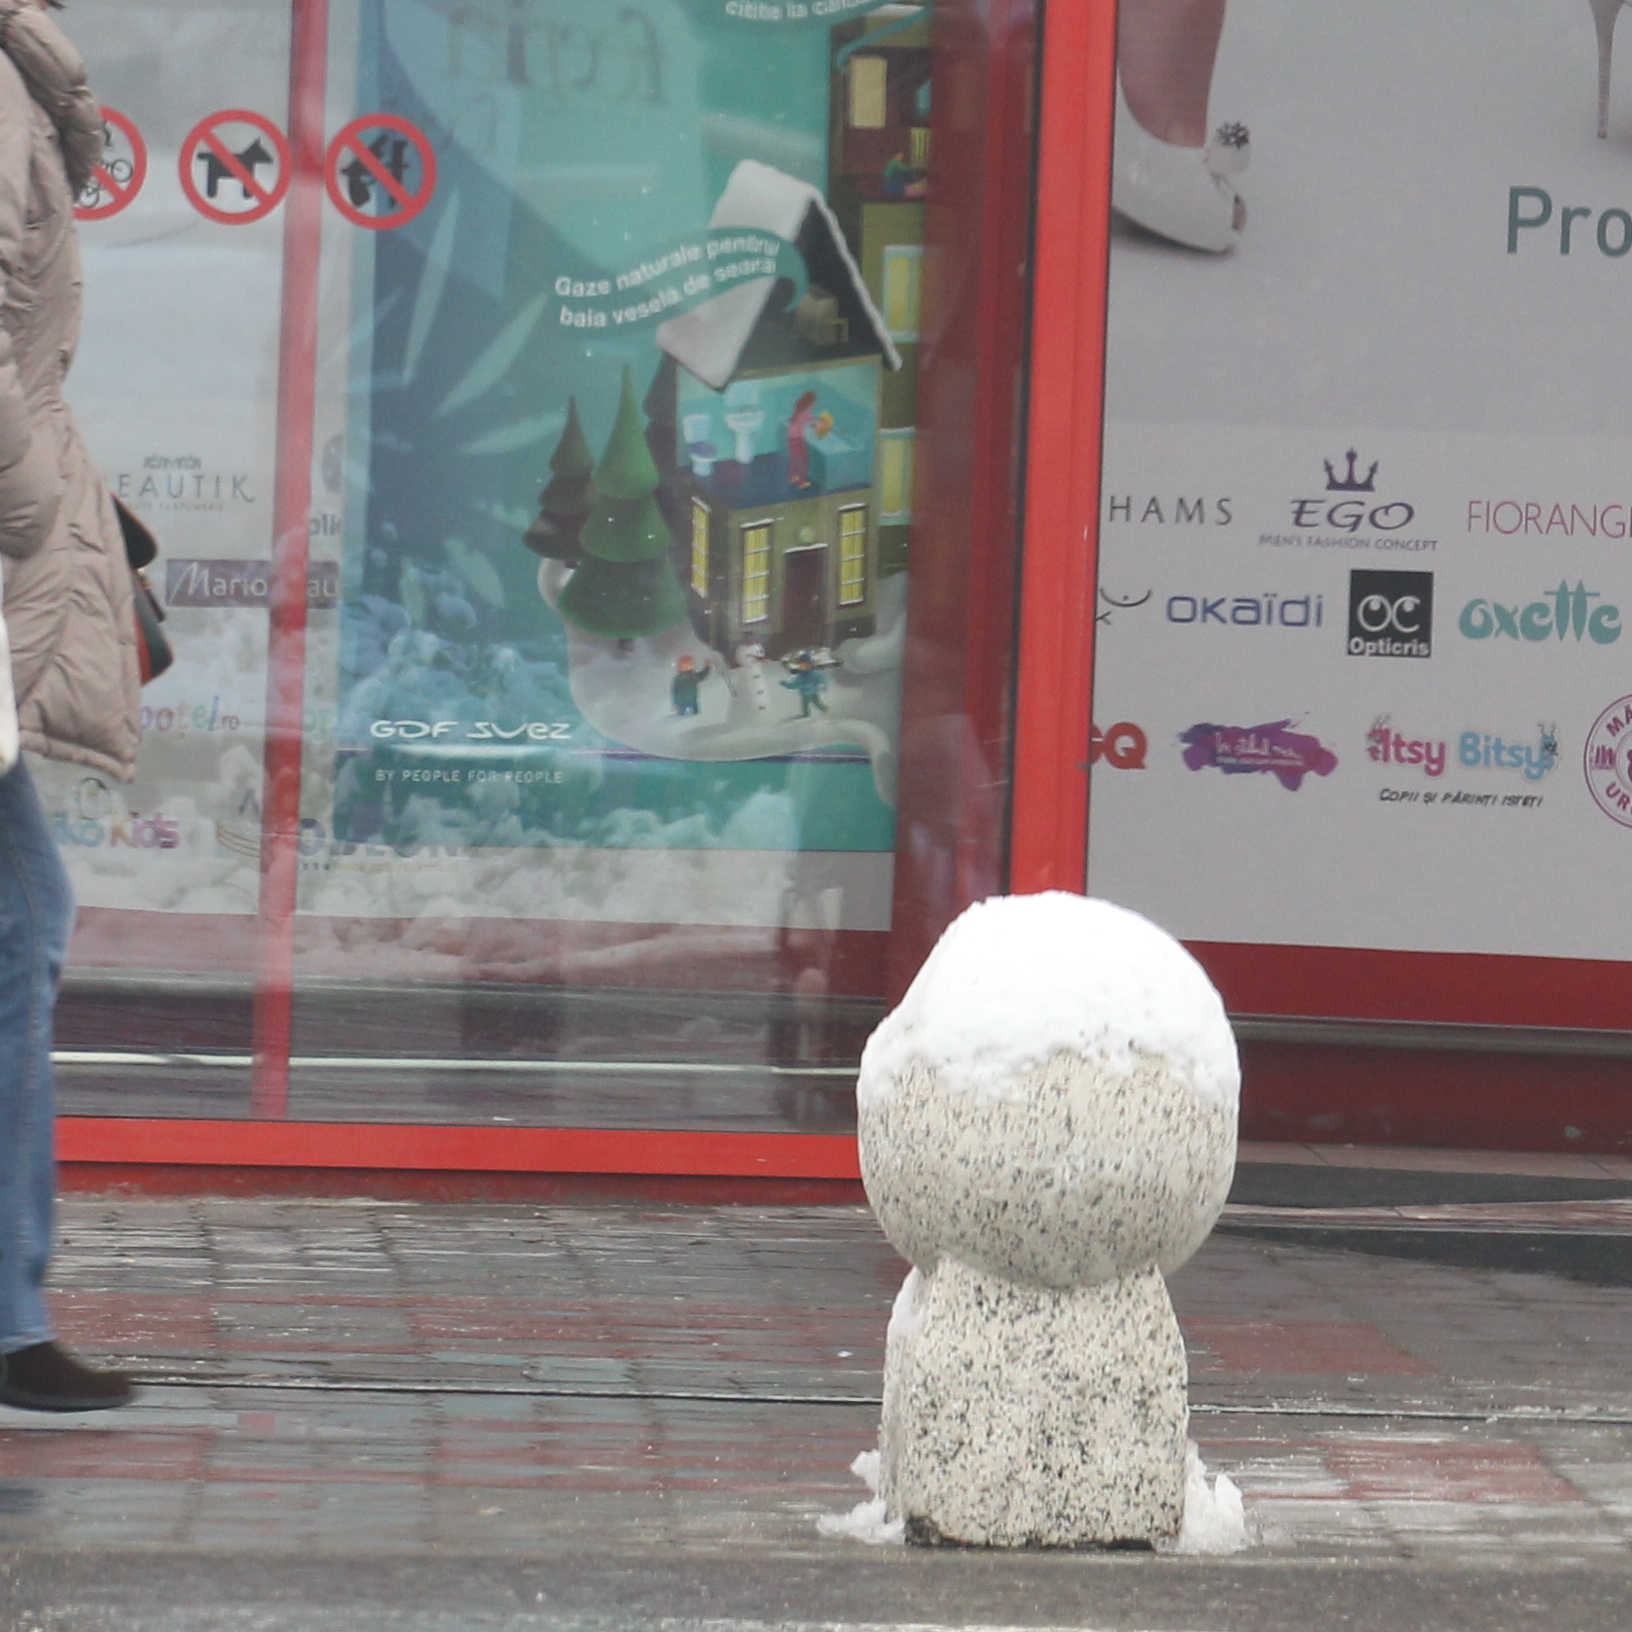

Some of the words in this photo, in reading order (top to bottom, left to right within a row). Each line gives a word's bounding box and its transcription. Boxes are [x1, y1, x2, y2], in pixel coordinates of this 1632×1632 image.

[554, 275, 612, 298] Gaze
[615, 244, 701, 291] naturale
[706, 234, 780, 260] pentru
[686, 273, 711, 296] de
[117, 473, 256, 503] EAUTIK
[1108, 495, 1233, 526] HAMS
[1290, 498, 1415, 533] EGO
[1307, 536, 1370, 550] FASHION
[1374, 537, 1438, 552] CONCEPT
[1458, 578, 1622, 645] oxette
[1349, 637, 1429, 656] Opticris
[370, 720, 457, 739] GDF
[1458, 731, 1558, 781] Bitsy
[401, 770, 460, 782] PEOPLE
[468, 771, 499, 782] FOR
[504, 772, 563, 783] PEOPLE
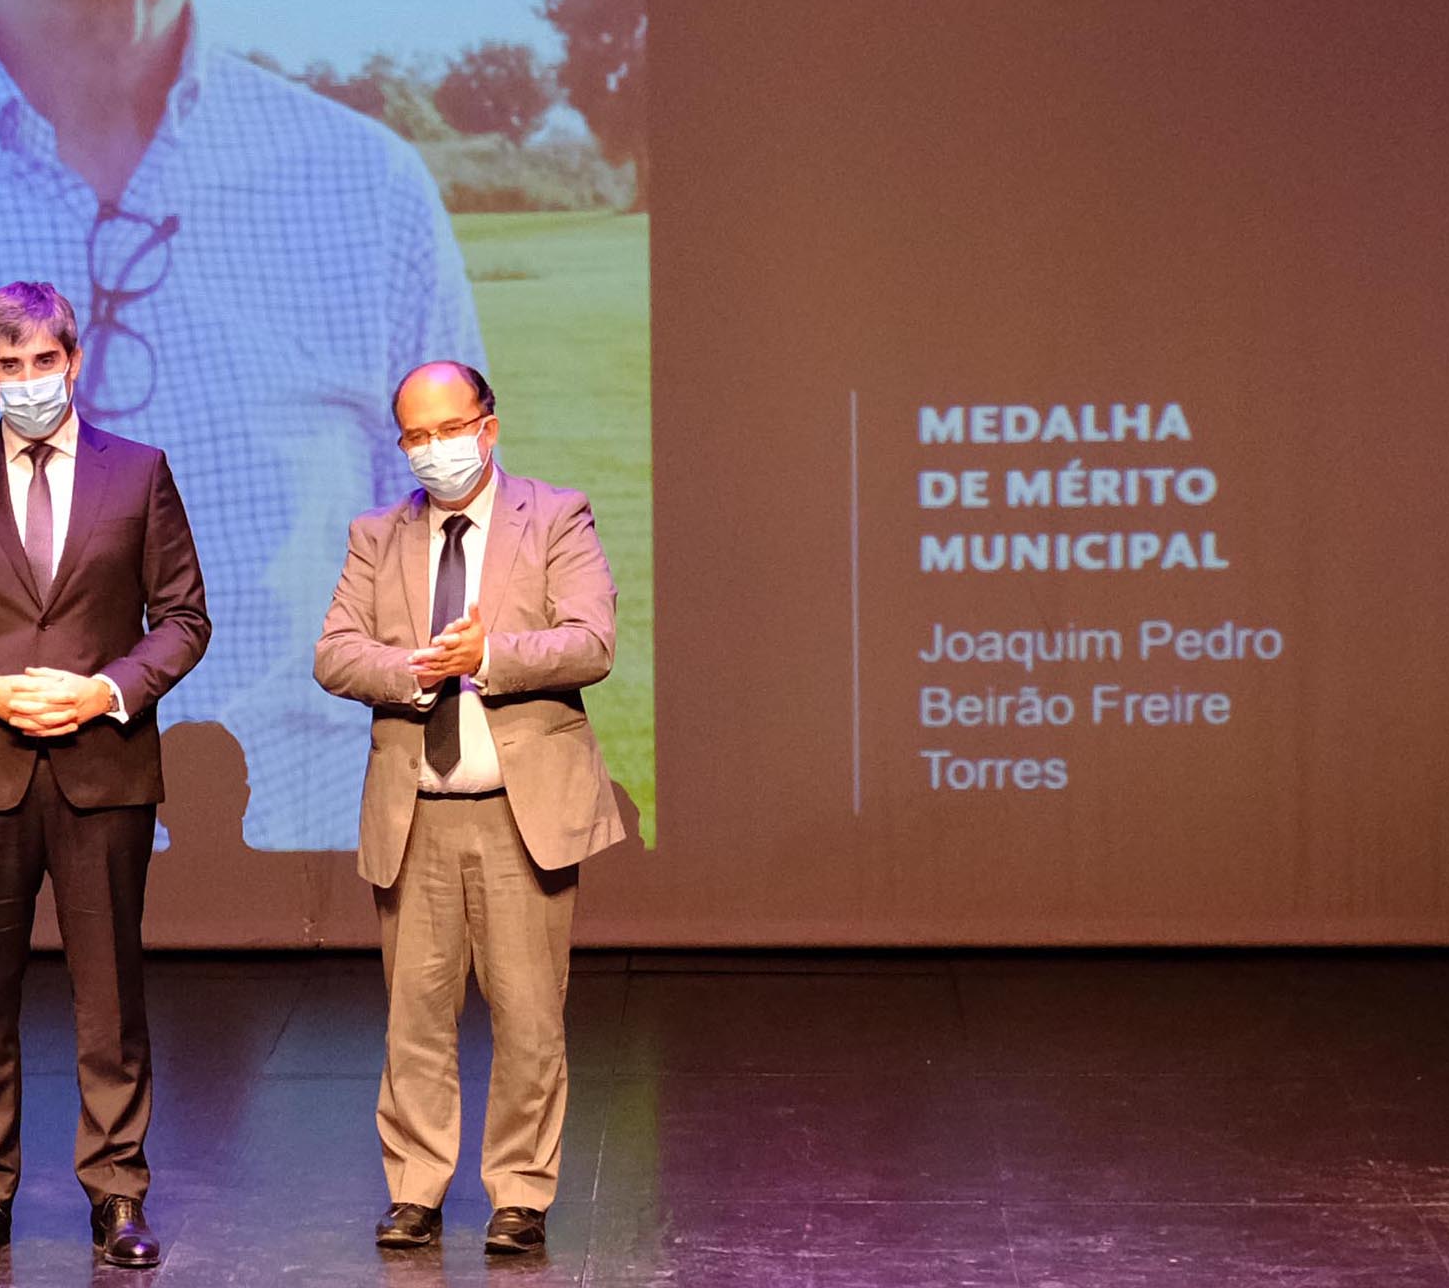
====
* **The problem**:
Write out the records above once more, word for word, with no pictures.

* **Exercise answer**:
Some of the words in this photo, in reading order (top to bottom, left to right within a row). Each line gives a word's bounding box and its transcription. Boxes are [x1, y1, x2, y2], in pixel coordinates of this 1632×1632 image.

[554, 275, 612, 298] Gaze
[615, 244, 701, 291] naturale
[706, 234, 780, 260] pentru
[686, 273, 711, 296] de
[117, 473, 256, 503] EAUTIK
[1108, 495, 1233, 526] HAMS
[1290, 498, 1415, 533] EGO
[1307, 536, 1370, 550] FASHION
[1374, 537, 1438, 552] CONCEPT
[1458, 578, 1622, 645] oxette
[1349, 637, 1429, 656] Opticris
[370, 720, 457, 739] GDF
[1458, 731, 1558, 781] Bitsy
[401, 770, 460, 782] PEOPLE
[468, 771, 499, 782] FOR
[504, 772, 563, 783] PEOPLE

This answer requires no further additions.